The actual numbers that determine what executives take home reflect stock price volatility — the kind of volatility that happens, for example, when a buyback or cross-selling scam jacks up the price.

No wonder executives are happy that nobody understands it. There’s no accountability if there’s faulty accounting.

Lazonick and his colleagues were surprised when they found out how far off reported estimates of actual CEO pay have been:

Once we really took a deep dive into how to estimate executive compensation, we realized how complicated it is to understand. We knew there was a problem of measurement, but we didn’t know how systemic it was or the extent of it. The reality is astonishing.

Lazonick points out that while understanding the CEO pay numbers is important, even more important is realizing what’s driving those numbers. Executives engage in stock price manipulations schemes because they expect to time the market and take home giant piles of money when those prices rise temporarily.

Stock buybacks that shortchange workers and scams that defraud customers drive the numbers. They fatten the banks accounts of executives and leave everyone else high and dry.
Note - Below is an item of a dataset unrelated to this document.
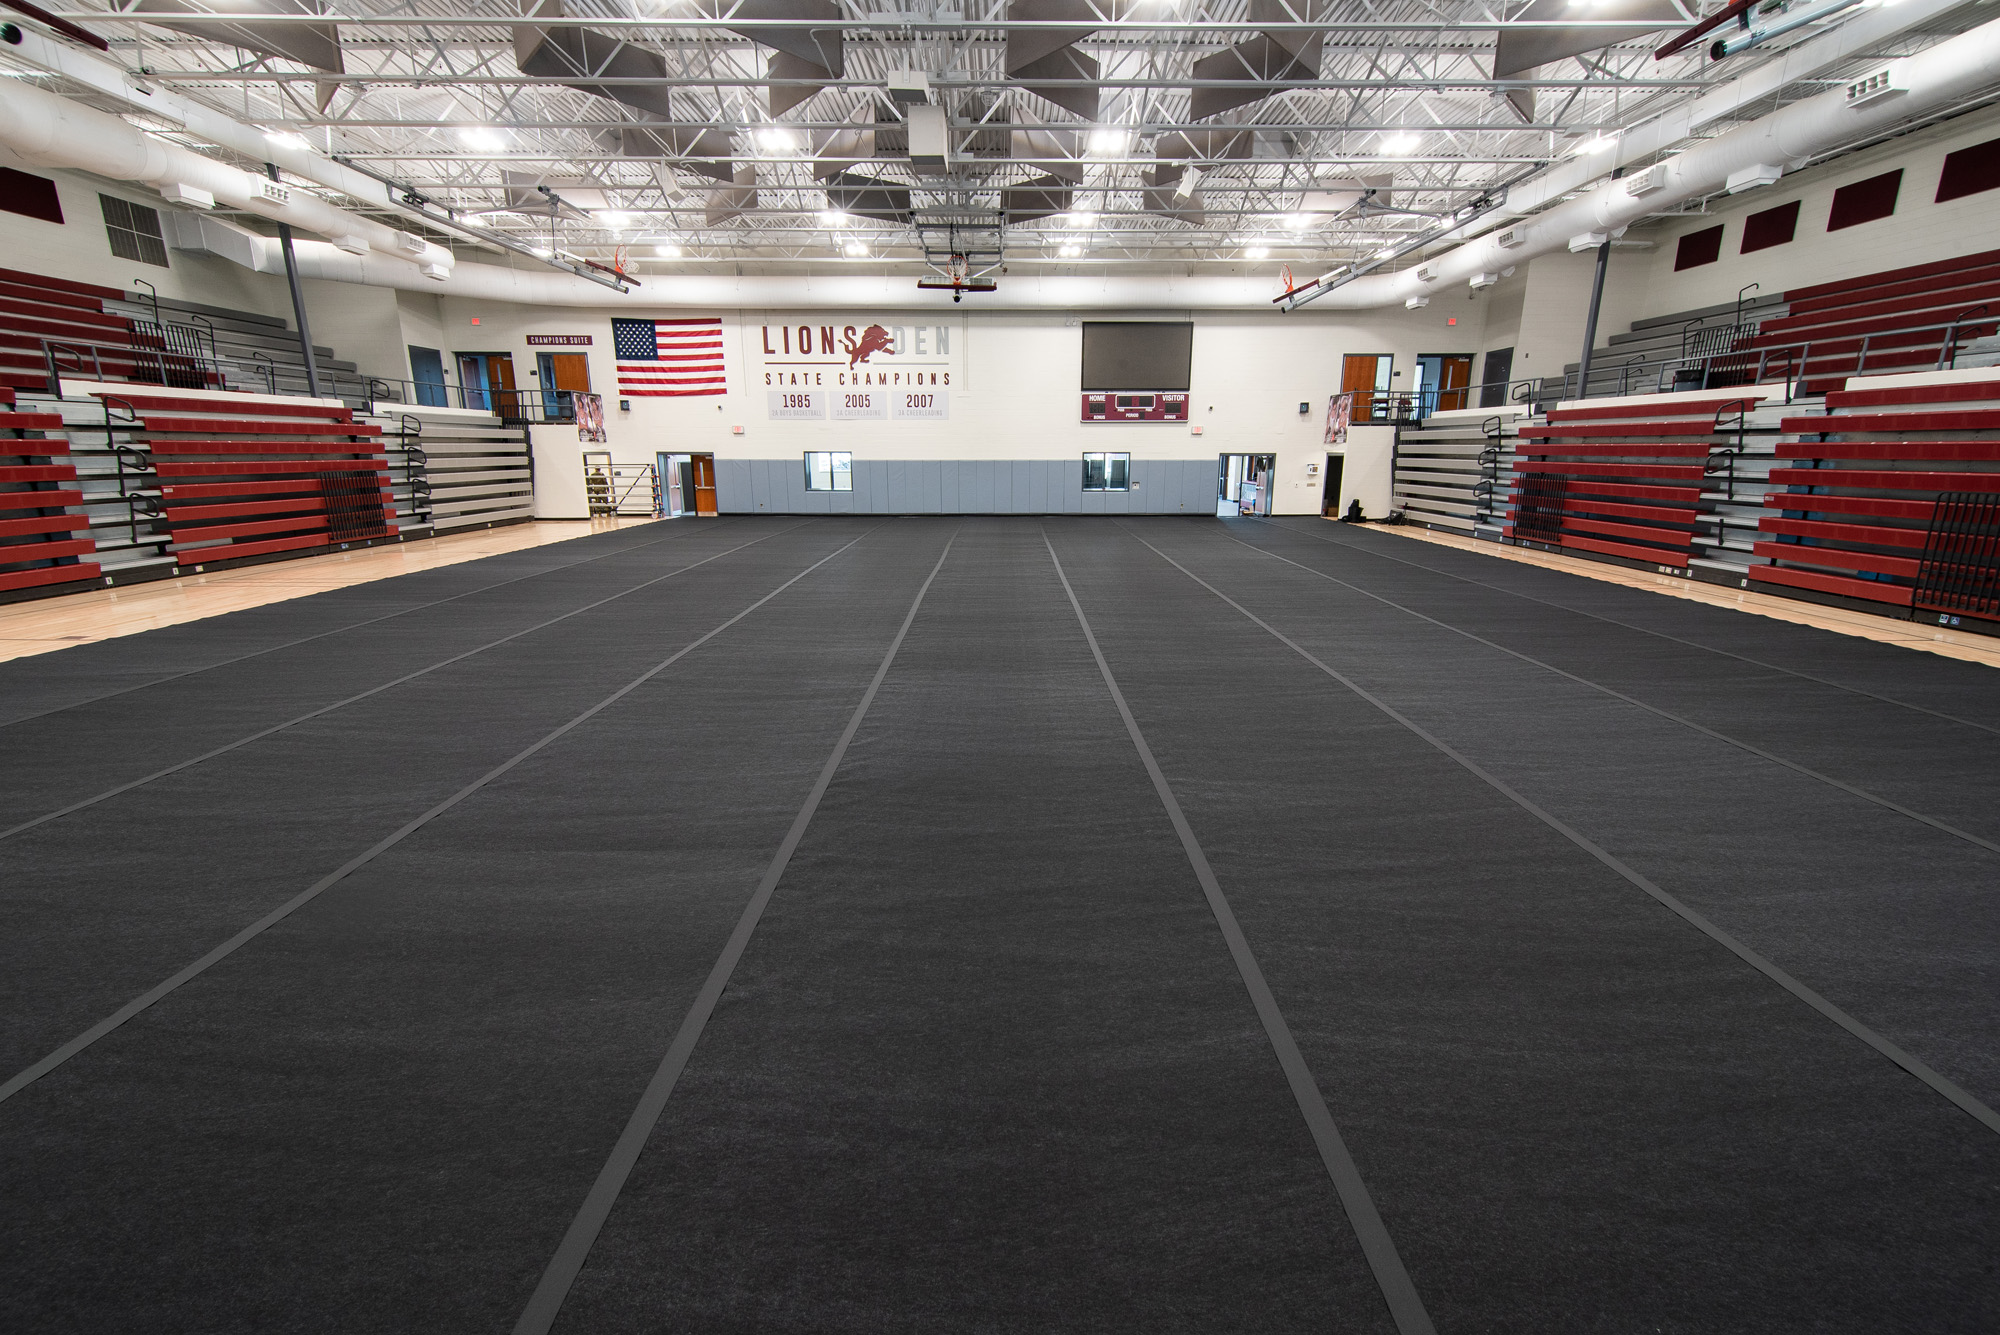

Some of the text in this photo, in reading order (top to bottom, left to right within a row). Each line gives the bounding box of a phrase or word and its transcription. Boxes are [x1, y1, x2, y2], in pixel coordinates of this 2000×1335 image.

It would be helpful, of course, if regulators would catch misconduct and fraudulent activity earlier, but ultimately, says Lazonick, the solution must come from taking on the corrupt culture of self-centered stock manipulation behind these activities.

The fix, he says, is a relatively simple one.

The rule that was changed in 1982 has become a big problem. The SEC should not allow stock buybacks that encourage corporate executives to benefit from stock-price manipulation and to engage in unethical behavior. It’s time that we recognize how corrupting to business and how damaging to our economy this has become.